Exercise brief: Below are the entries; return exactly the line with "this 1732×1155 image." and every later line, without anything else.

Text-to-region grounding data:
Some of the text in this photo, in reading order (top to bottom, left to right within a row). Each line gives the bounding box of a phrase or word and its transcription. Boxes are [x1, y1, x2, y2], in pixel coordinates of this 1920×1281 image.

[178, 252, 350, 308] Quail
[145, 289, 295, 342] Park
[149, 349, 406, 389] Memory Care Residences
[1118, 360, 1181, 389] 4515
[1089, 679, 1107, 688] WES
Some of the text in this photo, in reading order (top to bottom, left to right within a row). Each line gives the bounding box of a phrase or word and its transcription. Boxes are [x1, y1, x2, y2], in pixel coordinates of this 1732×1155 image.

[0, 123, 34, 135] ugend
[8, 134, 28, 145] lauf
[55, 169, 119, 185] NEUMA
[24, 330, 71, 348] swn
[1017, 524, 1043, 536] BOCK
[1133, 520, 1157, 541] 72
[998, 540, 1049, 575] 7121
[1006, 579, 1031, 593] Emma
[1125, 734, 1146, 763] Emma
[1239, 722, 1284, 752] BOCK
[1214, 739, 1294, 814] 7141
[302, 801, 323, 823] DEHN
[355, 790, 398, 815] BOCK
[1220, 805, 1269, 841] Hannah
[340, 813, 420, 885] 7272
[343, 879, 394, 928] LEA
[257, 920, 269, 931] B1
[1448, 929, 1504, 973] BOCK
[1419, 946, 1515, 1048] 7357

Response area:
Some of the text in this photo, in reading order (top to bottom, left to right within a row). Each line gives the bounding box of a phrase or word and its transcription. Boxes are [x1, y1, x2, y2], in pixel coordinates of this 1732×1155 image.

[0, 123, 34, 135] ugend
[8, 134, 28, 145] lauf
[55, 169, 119, 185] NEUMA
[24, 330, 71, 348] swn
[1017, 524, 1043, 536] BOCK
[1133, 520, 1157, 541] 72
[998, 540, 1049, 575] 7121
[1006, 579, 1031, 593] Emma
[1125, 734, 1146, 763] Emma
[1239, 722, 1284, 752] BOCK
[1214, 739, 1294, 814] 7141
[302, 801, 323, 823] DEHN
[355, 790, 398, 815] BOCK
[1220, 805, 1269, 841] Hannah
[340, 813, 420, 885] 7272
[343, 879, 394, 928] LEA
[257, 920, 269, 931] B1
[1448, 929, 1504, 973] BOCK
[1419, 946, 1515, 1048] 7357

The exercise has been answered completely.